Tout a commencé par un examen.
Devant un jury.
Pendant l’examen
on m’a posé cette question :
Pourquoi voulez-vous être infirmier ?
J’ai réfléchi un moment
puis j’ai dit que c’était le côté pragmatique
terre-à-terre du métier
qui m’intéressait.
Mais au fond de moi je pensais :
je suis comme tout le monde.
Tout ce que je fais
je le fais pour la gloire.
2.
Ensuite ça s'est passé très rapidement.
Trois ans de stage et d'hôpital et de personnes qui allaient mourir
ou qui n'allaient pas mourir
qu'il fallait soigner
ou pour qui on ne pouvait pas grand-chose
qui allaient guérir
ou qui n'allaient pas guérir.
Et un diplôme.
4.
Ça se passe un matin
Dans un service de pneumologie
On s'occupe du corps de M. Zimoun.
L'aide-soignante
(cinquante ans, mèches blondes fatiguées, yeux bleu clair fatigués)
s'arrête soudain:
Ce n'est pas la première fois?
Que tu fait des toilettes mortuaires?
Je dis que non.
Ce n'est pas la première fois.
Puis je songe
que ça ne dure jamais qu'une fois
les premières fois.
6.
Je rentre au service de chirurgie digestive
où j'ai épongé des anus artificiels
pendant douze heures.
Et je retrouve mon amie
qui chante
un air
enjoué
en s'accompagnant
de sa guitare.
Et je me dis
Ha!
il y en a vraiment
qui ne doutent de rien.
7.
Ma feuille de paye vient d'arriver.
Si ça continue comme ça
dans cent quatre-vingt-quatre ans
je pourrai m'acheter
une toute petite villa
sur l'île de Ré
Et là je serai vraiment
peinard.
11.
Mon amie me demande:
D'où te vient cette fascination pour les aides-soignantes
quinquagénaires?
Tu me parles toujours
de Samantha, de Saïda
et de Marie-Christine
Et je réponds alors
que je ne sais pas
ou bien
que ça ne s'explique pas
ou encore
que c'est un secret.
13.
Notre formatrice à l'école pour infirmières, celle qui
transpirait beaucoup
ne nous parlait pas seulement
de la Toute-Puissance, du Sadisme et du Voyeurisme.

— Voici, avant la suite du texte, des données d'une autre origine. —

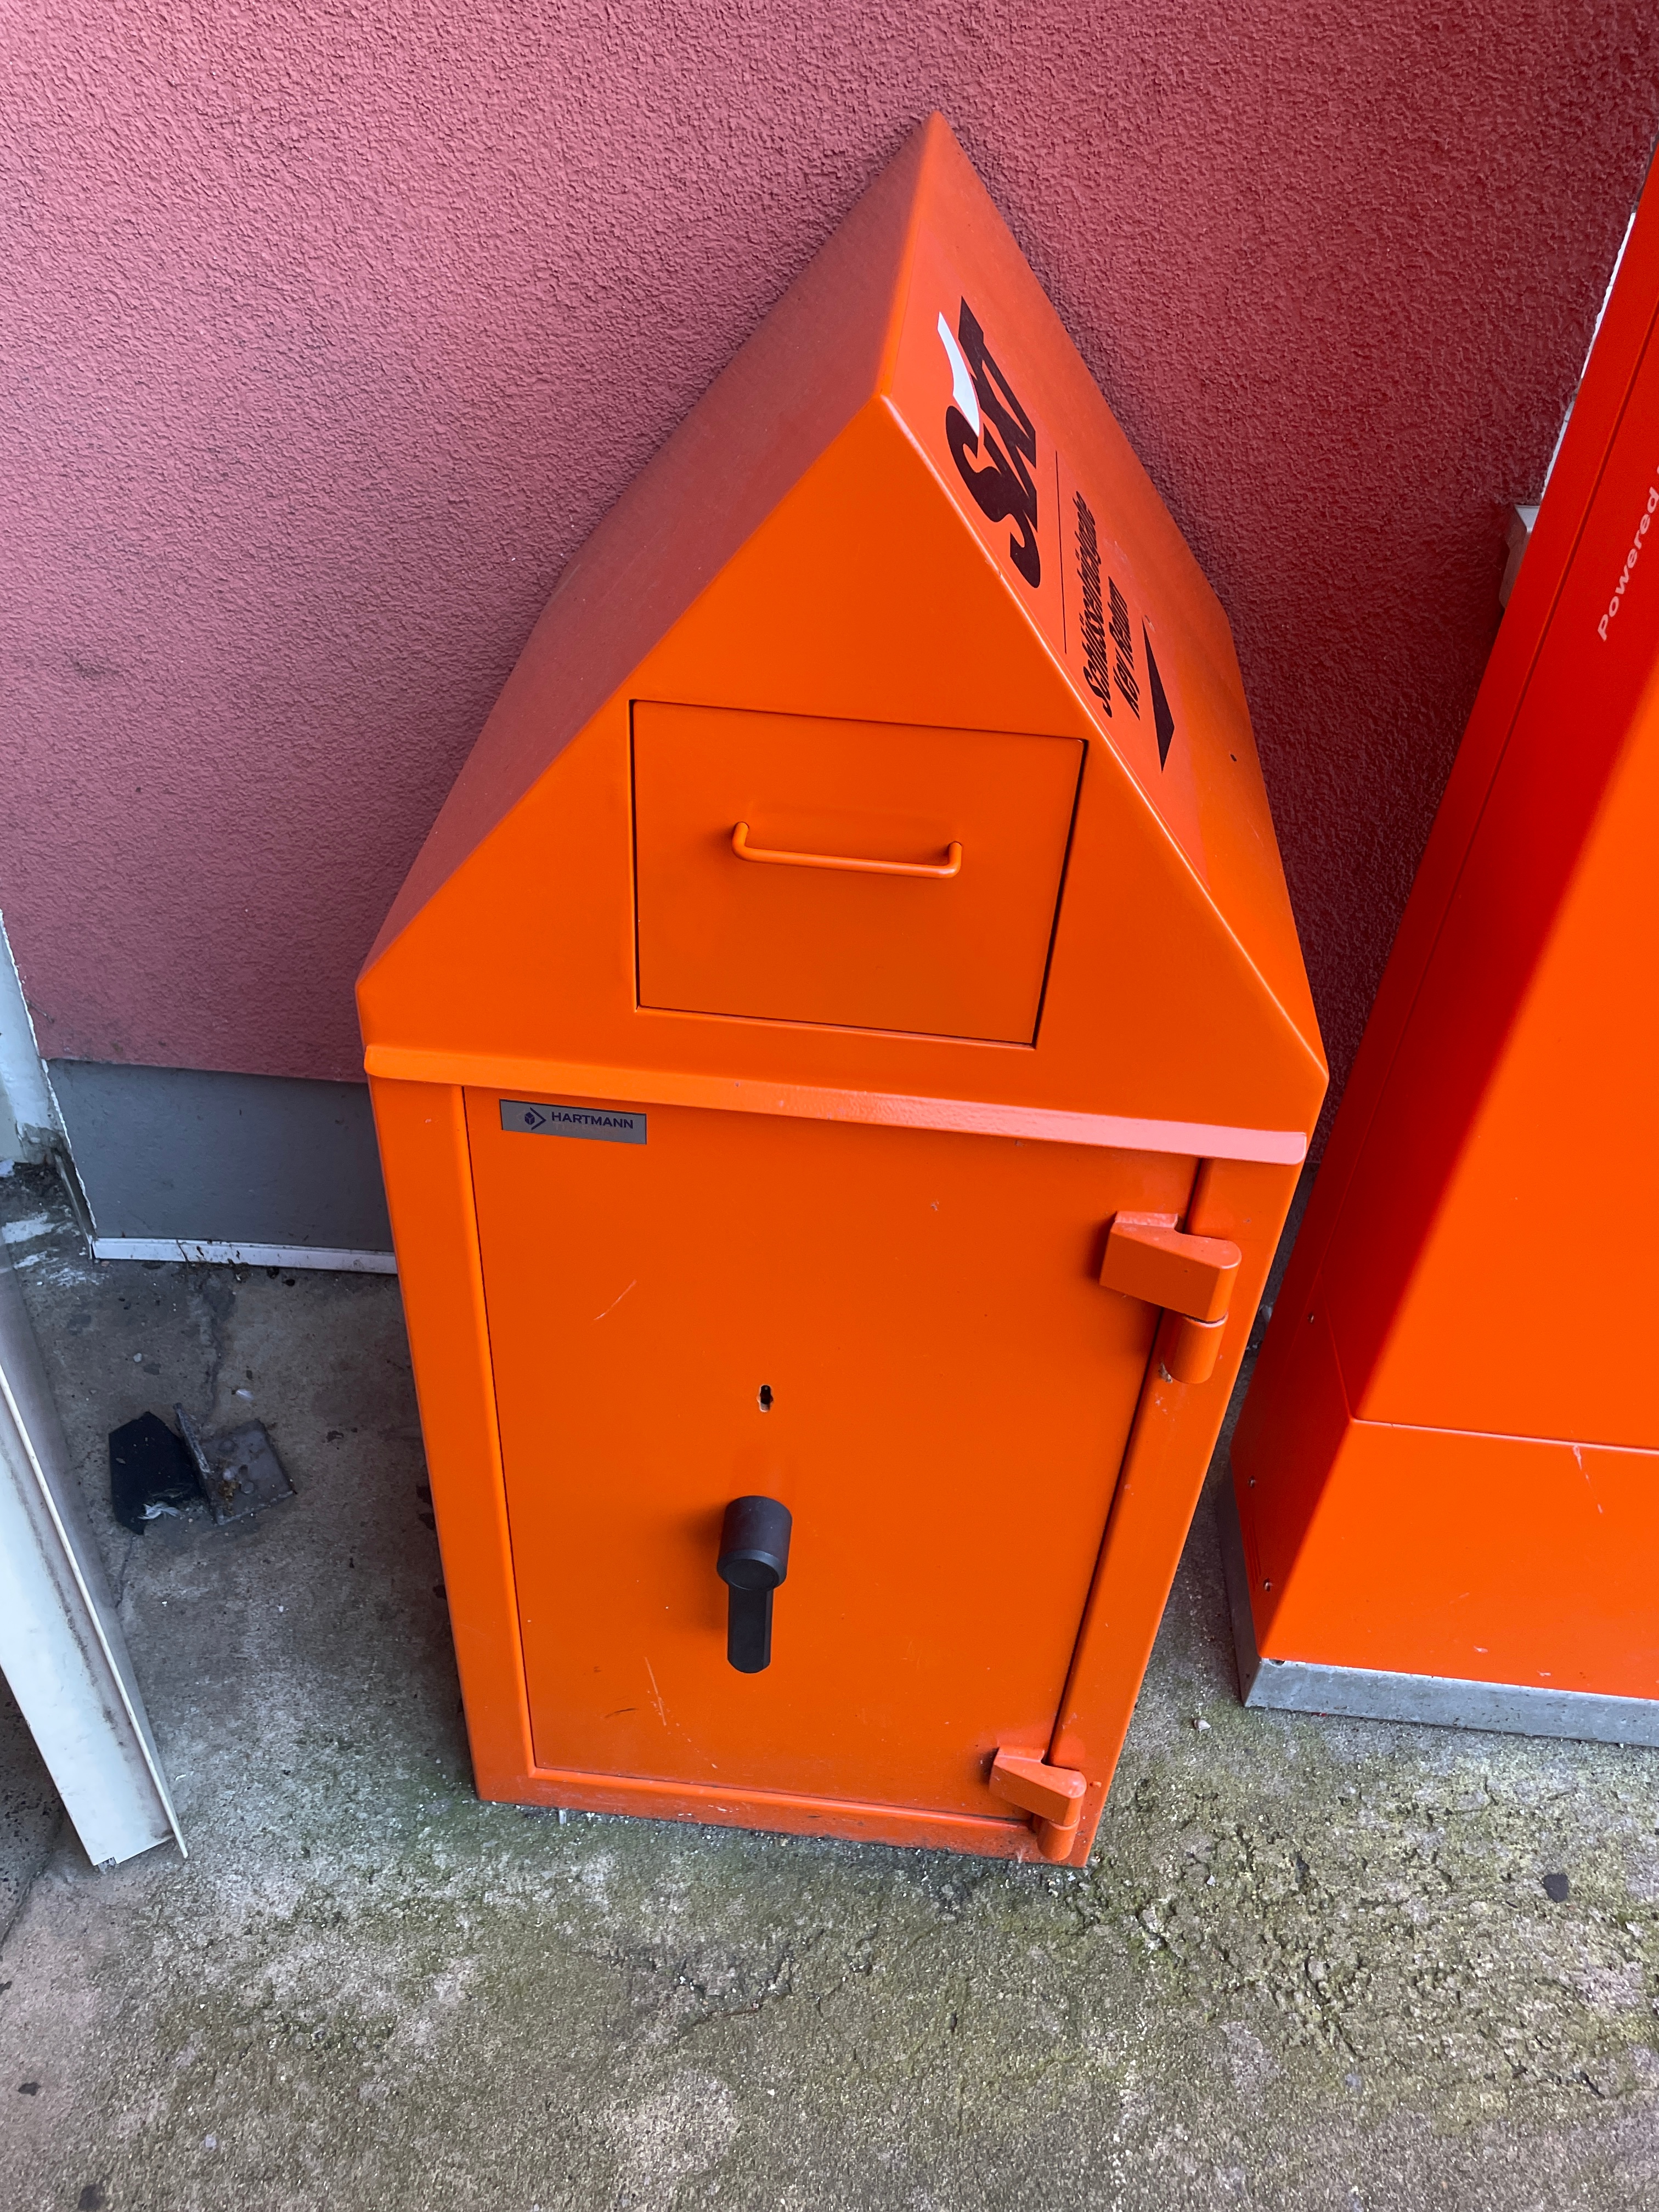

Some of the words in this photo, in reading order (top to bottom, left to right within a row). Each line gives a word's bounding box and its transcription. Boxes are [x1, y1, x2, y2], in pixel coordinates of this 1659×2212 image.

Il lui arrivait également d'évoquer
la Volonté de Guérir:
Il faut que vous vous ôtiez du crâne, disait-elle, l'idée
que vous faites ce métier
pour guérir des personnes : vous allez
devenir des Soignants, pas des Guérisseurs.
Laissez la guérison aux Marabouts, aux Rebouteux et aux
Shamans de l'Amérique du Sud.
Vous, vous n'êtes qu'un rouage
du système de soins
et vous devez
essayer
avant tout
de
ne pas
nuire.
14.
Toute la journée M. Claude hurle
hurle
hurle.
Nous autres
quand nous quittons dans les vestiaires
nos blancs
uniformes
nos boîtes crâniennes grésillent encore de ses
hurlements.
Mais parfois
si on lui met le disque
M Claude se met à siffler la septième symphonie de Beethoven
note pour note
intégralement.
Puis dès qu'il a fini de siffler il
hurle.
15.
Je veux
parler à mon amie
de M Claude ce soir là mais elle
pose sa fourchette
plonge ses yeux dans les miens
prend
mon visage
entre ses mains
et dit:
Tu
ramènes trop
de travail
à la maison
en ce moment.
17.
Mme Boucher tend le bras.
Je tâte le bras de Mme Boucher.
Je le tourne et le retourne.
Je demande à Mme Boucher:
On vous a déjà dit qu vous n'avez pas beaucoup de veines?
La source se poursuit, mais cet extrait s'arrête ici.